The electric car revolution is coming, but it won’t be led by the United States. Instead, China will take the lead.
My research on electric vehicles, dating back a decade, convinced me that a global shift in mobility, from gas-powered vehicles to electric vehicles, is imminent. Change is happening in China, the world’s largest auto market, with 23 million cars sold in 2018. When Western countries reach the peak of car ownership, there are still hundreds. Millions of Chinese families don’t own a car.
Many of them buy electric cars. By 2015, electric vehicle sales in China had surpassed those in the US. In 2018, China’s sales reached 1.1 million cars, accounting for more than 55% of all-electric vehicles sold globally and three times the number of Chinese customers purchased two years earlier. Electric vehicle sales in the United States that year were just 358,000.
A key component of the price of an electric vehicle is its battery cost – and China already produces more than half of the world’s electric vehicle batteries. Battery prices continue to fall; Industry analysts now think that within the next five years it will be cheaper to buy an electric car than a petrol or diesel car. Forecasts predict that the Chinese will produce up to 70% of the world’s electric vehicle batteries by 2021, even as demand for electric vehicle batteries increases.
Great Government Support
China has a nascent but ambitious auto industry. It has never been able to match the efficiency and quality of established automakers in producing petrol cars, but electric vehicles are easier to build, giving Chinese companies a chance to compete.
As a result, the Chinese government has chosen to highlight electric vehicles as one of the 10 core business areas in its “Made in China” effort to promote advanced industrial technology. Government efforts include using billions of dollars to subsidize the production of electric vehicles and batteries and incentivize businesses and consumers to buy them.
The government is also aware that electric vehicles can help solve some of China’s most pressing energy and environmental problems:
Massive air pollution is suffocating its major cities, national security officials are concerned about the amount of oil the country is importing, and China is now the biggest contributor to emissions.
Dozens of Chinese automakers have been trained to take advantage of these subsidies. One big company is BYD, which stands for “Build Your Dreams”, which is headquartered in Shenzhen. More than a decade ago, billionaire investor Warren Buffett bought about a quarter of the company for $232 million, a stock now worth more than $1.5 billion.
The company’s initial plan to export vehicles to the United States proved premature and failed. Instead, BYD began focusing primarily on the Chinese auto market, as well as building electric buses for the global market it currently dominates. If BYD’s plan to produce electric cars fails, many other Chinese companies are willing to accept the delay.

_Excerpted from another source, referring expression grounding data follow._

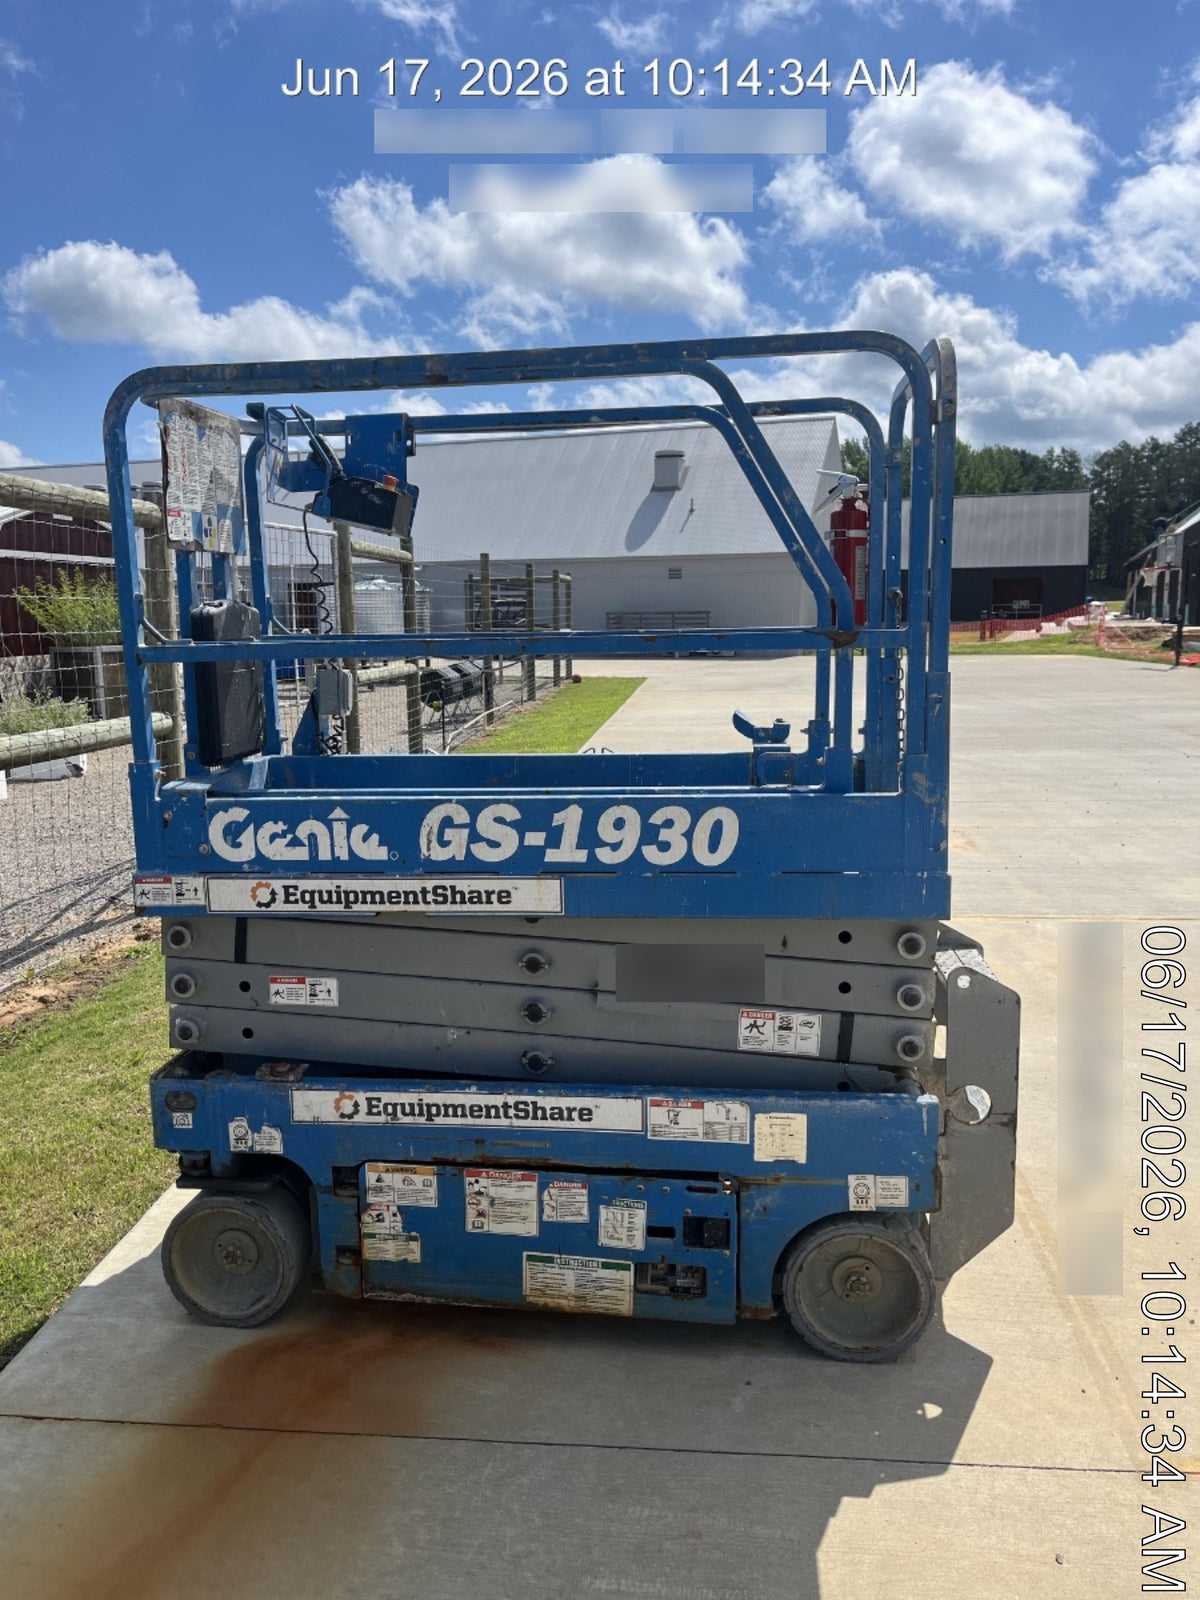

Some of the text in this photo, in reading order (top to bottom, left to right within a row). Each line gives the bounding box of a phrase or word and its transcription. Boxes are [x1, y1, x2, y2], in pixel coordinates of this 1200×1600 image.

[208, 803, 740, 866] Genie GS-1930
[282, 885, 512, 909] EquipmentShare
[365, 1097, 593, 1122] EquipmentShare
[489, 1171, 522, 1180] DANGER
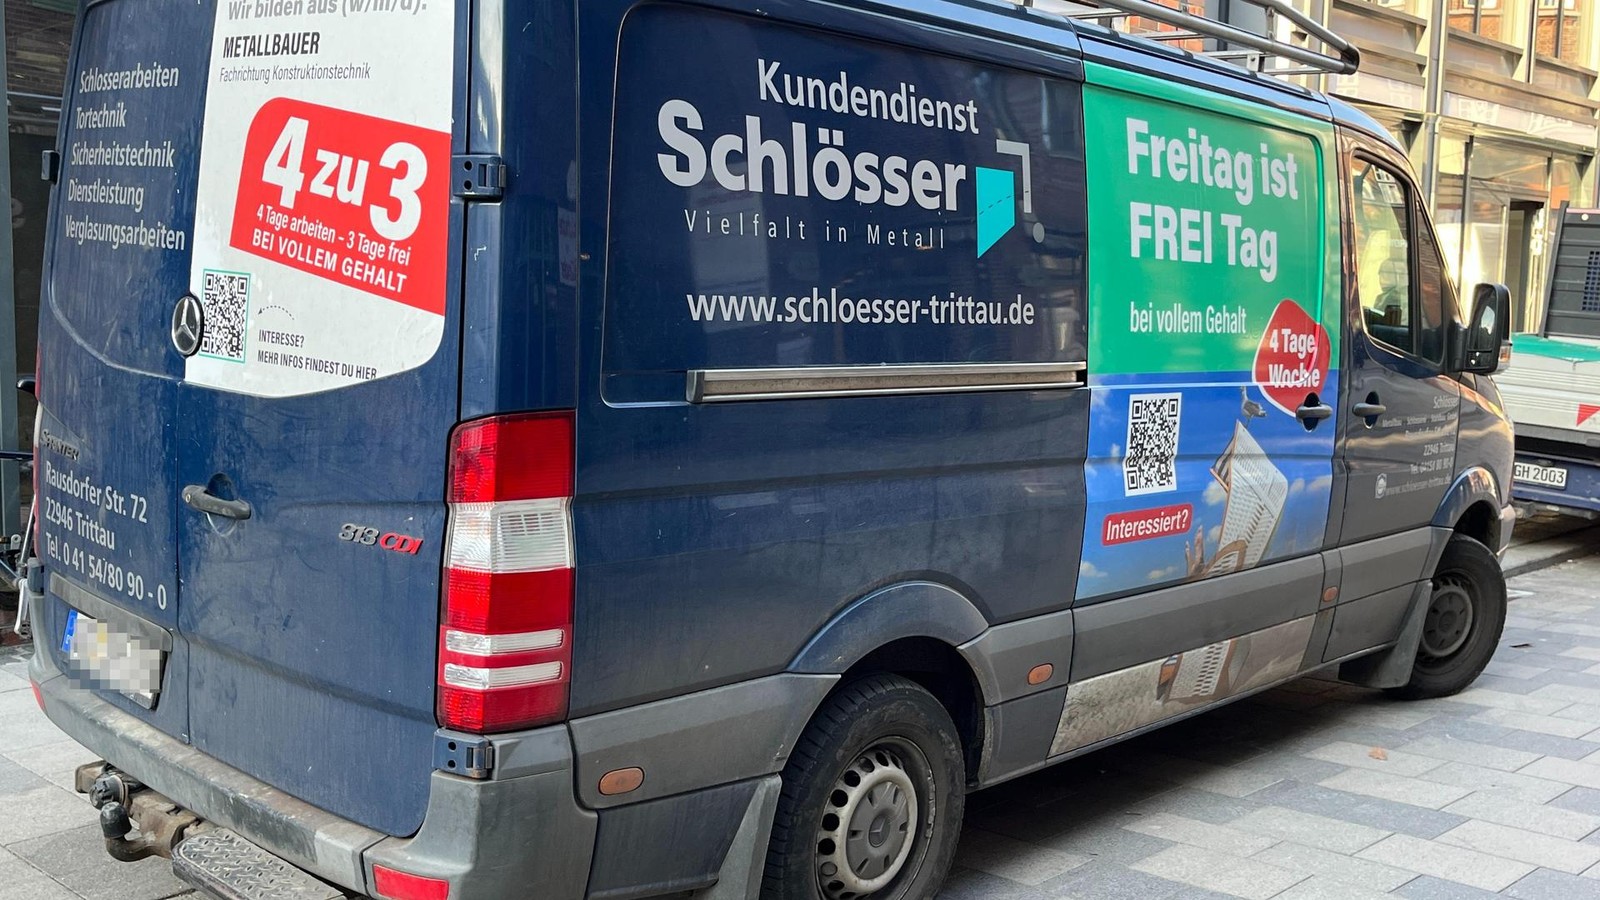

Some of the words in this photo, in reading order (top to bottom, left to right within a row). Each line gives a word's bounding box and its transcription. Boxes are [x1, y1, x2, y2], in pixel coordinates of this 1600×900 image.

[229, 1, 252, 20] Wir
[254, 0, 303, 18] bilden
[307, 0, 338, 14] aus
[223, 32, 320, 58] METALLBAUER
[79, 61, 179, 93] Schlosserarbeiten
[219, 67, 270, 84] Fachrichtung
[272, 62, 371, 81] Konstruktionstechnik
[758, 58, 979, 135] Kundendienst
[76, 102, 127, 129] Tortechnik
[71, 141, 175, 168] Sicherheitstechnik
[657, 99, 966, 212] Schlösser
[1126, 117, 1253, 205] Freitag
[1260, 143, 1298, 200] ist
[68, 178, 144, 213] Dienstleistung
[262, 116, 309, 209] 4
[309, 148, 370, 207] zu
[369, 141, 428, 241] 3
[65, 215, 185, 250] Verglasungsarbeiten
[257, 204, 264, 221] 4
[266, 205, 288, 231] Tage
[290, 216, 336, 243] arbeiten
[346, 231, 355, 249] 3
[358, 233, 385, 261] Tage
[388, 242, 411, 266] frei
[685, 209, 805, 240] Vielfalt
[826, 220, 847, 243] in
[867, 224, 944, 249] Metall
[1130, 201, 1212, 264] FREI
[1221, 213, 1277, 282] Tag
[252, 228, 275, 251] BEI
[278, 236, 338, 272] VOLLEM
[341, 257, 407, 293] GEHALT
[687, 287, 1034, 325] www.schloesser-trittau.de
[1130, 301, 1152, 333] bei
[1157, 303, 1202, 333] vollem
[1206, 305, 1246, 334] Gehalt
[259, 329, 305, 348] INTERESSE?
[1269, 329, 1279, 353] 4
[1281, 328, 1316, 359] Tage
[257, 350, 279, 365] MEHR
[280, 353, 303, 370] INFOS
[305, 358, 340, 375] FINDEST
[341, 363, 354, 377] DU
[355, 365, 377, 380] HIER
[1268, 362, 1320, 388] Woche
[1515, 464, 1529, 478] GH
[1533, 467, 1565, 484] 2003
[46, 460, 102, 506] Rausdorfer
[105, 485, 126, 516] Str.
[130, 493, 147, 523] 72
[46, 496, 73, 531] 22946
[75, 511, 115, 550] Trittau
[1107, 509, 1188, 541] Interessiert?
[380, 532, 423, 555] CDI
[46, 532, 61, 561] Tel.
[63, 542, 69, 565] 0
[72, 547, 85, 574] 41
[88, 554, 123, 592] 54/80
[127, 571, 144, 601] 90
[157, 584, 166, 610] 0

Along with government subsidies to ensure BYD and its competitors have plenty of customers, new government regulations are coming into force. The Chinese government now requires all automakers that sell in China, whether at home or abroad, to achieve a certain percentage of their sales. electricity, thanks to a complex credit formula. The mandate will become tighter over time, perhaps requiring every company to achieve at least 7% of electricity sales by 2025. Major foreign automakers have large investments in China and cannot afford to abandon the market. For example, Volkswagen now sells 40% of its production in China, which is one of the main reasons the company is trying to develop electric vehicles.
Most Chinese automakers have not yet entered the export market. Electric vehicle industry analyst Jose Pontes explains that there are three reasons for their reluctance:
First, the Chinese market is large enough to absorb its current output. Second, many car manufacturers in China are completely unknown in the West, so customers will be hesitant to buy from a foreign brand. And third, their vehicles are not yet subject to the stringent safety regulations in the United States and Europe.
However, all these obstacles can be overcome with time and money. It is very likely that Chinese electric car manufacturers will enter the low- to the middle-income Western market, as Volkswagen did 60 years ago.
If – or when – that happens, cheap and efficient electric cars could spread across the West from China, surpassing Tesla and other US and European EV efforts. Only efforts by Western governments to protect domestic automakers with tariffs and other trade barriers can derail this development.